Fig 1.

Development of gene markers to detect and quantify Wolbachia infection in Ae. aegypti and D. simulans. (a) Coding sequences of the RpS6 gene from Ae. aegypti and Anopheles (An.) gambiae were aligned; a conserved region was selected to place the universal Aedes primers mRpS6_F and mRpS6_R. Nucleotide alignments of the coding sequences from Ae. aegypti and Ae. albopictus RpS6 were used to identify a variable region in which to position a pair of Ae. aegypti-specific primers (aRpS6_F and aRpS6_R), with 1 to 2 diagnostic nucleotides at the 3′ end of each primer. (b) The complete genome sequence of Wolbachia wMel was used to design a Wolbachia-specific marker at the VNTR-141 locus (see reference 9). The GenBank identifiers (GI) of the source sequences are given. Solid circles indicate polymorphic sites. (c) The variable region of the coding sequences in the RpS6 gene between Drosophila melanogaster and D. simulans is shown. Primers were designed to amplify D. simulans but not D. melanogaster.

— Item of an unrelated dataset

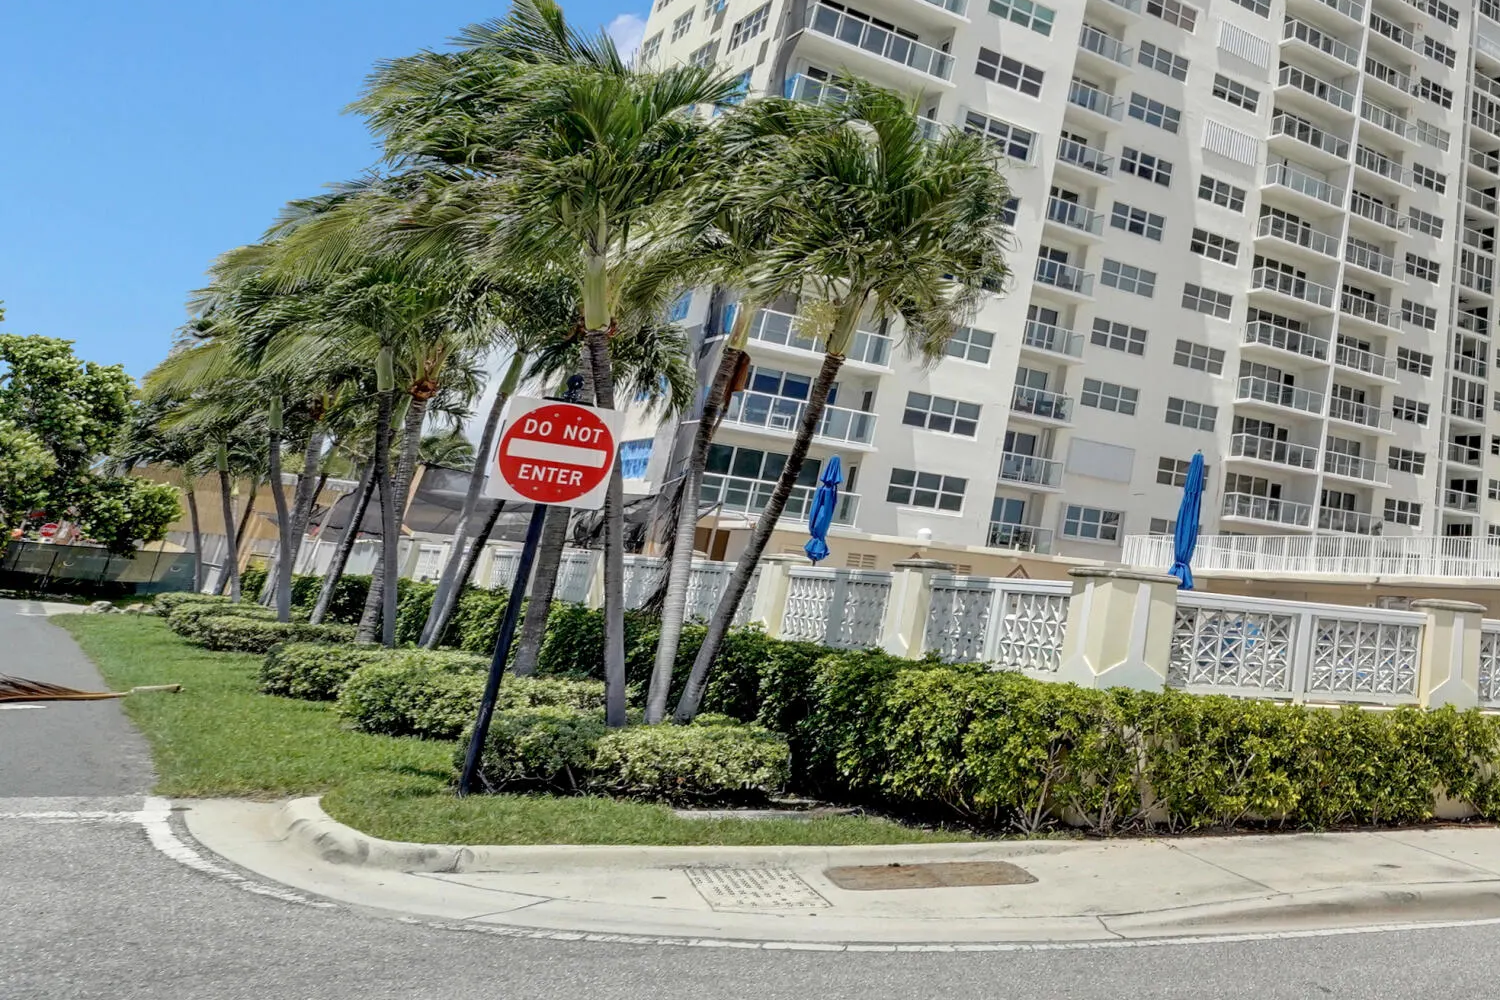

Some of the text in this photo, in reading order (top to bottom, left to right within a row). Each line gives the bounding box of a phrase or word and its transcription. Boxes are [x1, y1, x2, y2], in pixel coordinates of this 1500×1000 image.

[523, 418, 604, 444] DO NOT
[517, 464, 584, 486] ENTER

Solid circles indicate polymorphic sites. (d) Universal primers were placed at the conserved regions between the wRi and the wAu strains. These primers flank an ∼290-bp highly variable region that contains 22 polymorphic sites. The GI numbers of the source sequences are given. Note: reverse primers (mRpS6_R, aRpS6_R w1_R, Dsim_RpS6_R, and w1_R) are illustrated in the sense direction; their 5′-to-3′ sequences are described in the text.